▶ **Prompt**
Return only the line containing "this 1755×1479 image." and each line after it, exactly as written, through the end of the records.
↓↓↓
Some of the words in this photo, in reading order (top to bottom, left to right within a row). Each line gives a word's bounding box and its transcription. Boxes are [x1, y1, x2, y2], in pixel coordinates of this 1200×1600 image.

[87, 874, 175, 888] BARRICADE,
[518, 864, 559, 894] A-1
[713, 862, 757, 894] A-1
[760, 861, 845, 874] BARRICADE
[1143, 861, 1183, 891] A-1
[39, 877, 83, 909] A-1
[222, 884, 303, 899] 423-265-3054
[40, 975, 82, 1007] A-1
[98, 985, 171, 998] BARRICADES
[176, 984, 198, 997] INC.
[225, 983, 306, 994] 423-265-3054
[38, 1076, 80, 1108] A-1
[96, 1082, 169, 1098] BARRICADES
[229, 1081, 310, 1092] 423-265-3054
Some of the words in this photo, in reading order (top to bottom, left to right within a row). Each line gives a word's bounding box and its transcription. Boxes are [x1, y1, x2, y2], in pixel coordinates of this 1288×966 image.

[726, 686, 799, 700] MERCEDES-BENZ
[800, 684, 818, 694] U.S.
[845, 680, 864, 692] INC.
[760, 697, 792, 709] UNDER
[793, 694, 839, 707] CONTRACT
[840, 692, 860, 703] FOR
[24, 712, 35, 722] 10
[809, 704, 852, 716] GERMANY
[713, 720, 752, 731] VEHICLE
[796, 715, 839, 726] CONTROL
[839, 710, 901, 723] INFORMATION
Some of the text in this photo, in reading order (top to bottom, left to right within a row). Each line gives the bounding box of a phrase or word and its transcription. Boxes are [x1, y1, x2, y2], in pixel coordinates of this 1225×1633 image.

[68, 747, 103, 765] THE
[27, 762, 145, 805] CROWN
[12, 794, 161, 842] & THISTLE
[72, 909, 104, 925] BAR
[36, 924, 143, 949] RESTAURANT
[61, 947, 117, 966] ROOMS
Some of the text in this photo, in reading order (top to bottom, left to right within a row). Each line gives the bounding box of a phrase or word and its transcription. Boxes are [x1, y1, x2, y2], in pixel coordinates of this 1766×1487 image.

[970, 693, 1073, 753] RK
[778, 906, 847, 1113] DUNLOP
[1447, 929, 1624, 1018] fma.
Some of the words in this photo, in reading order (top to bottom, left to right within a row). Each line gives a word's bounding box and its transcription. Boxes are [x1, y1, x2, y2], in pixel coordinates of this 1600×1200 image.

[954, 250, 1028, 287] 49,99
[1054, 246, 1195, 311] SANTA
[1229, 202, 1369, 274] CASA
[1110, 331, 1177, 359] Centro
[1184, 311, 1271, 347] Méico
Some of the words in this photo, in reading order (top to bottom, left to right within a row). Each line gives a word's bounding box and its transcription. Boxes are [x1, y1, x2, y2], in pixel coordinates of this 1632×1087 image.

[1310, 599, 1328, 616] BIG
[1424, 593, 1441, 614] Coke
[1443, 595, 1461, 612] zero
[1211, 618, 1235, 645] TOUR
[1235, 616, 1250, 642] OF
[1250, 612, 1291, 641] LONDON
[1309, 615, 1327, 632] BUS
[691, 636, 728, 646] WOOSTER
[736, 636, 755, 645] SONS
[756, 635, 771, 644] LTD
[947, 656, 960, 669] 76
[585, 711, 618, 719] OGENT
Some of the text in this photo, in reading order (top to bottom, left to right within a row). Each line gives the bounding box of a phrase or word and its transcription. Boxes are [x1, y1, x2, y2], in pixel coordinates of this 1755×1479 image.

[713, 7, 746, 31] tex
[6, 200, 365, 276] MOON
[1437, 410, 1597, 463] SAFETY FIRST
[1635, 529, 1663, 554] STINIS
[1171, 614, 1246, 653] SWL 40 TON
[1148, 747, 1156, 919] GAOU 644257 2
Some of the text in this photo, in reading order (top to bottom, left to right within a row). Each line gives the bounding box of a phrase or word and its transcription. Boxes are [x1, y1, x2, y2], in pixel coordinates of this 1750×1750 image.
↑↑↑
▶ **Exercise solution**
Some of the text in this photo, in reading order (top to bottom, left to right within a row). Each line gives the bounding box of a phrase or word and its transcription. Boxes are [x1, y1, x2, y2], in pixel coordinates of this 1755×1479 image.

[713, 7, 746, 31] tex
[6, 200, 365, 276] MOON
[1437, 410, 1597, 463] SAFETY FIRST
[1635, 529, 1663, 554] STINIS
[1171, 614, 1246, 653] SWL 40 TON
[1148, 747, 1156, 919] GAOU 644257 2
Some of the text in this photo, in reading order (top to bottom, left to right within a row). Each line gives the bounding box of a phrase or word and its transcription. Boxes are [x1, y1, x2, y2], in pixel coordinates of this 1750×1750 image.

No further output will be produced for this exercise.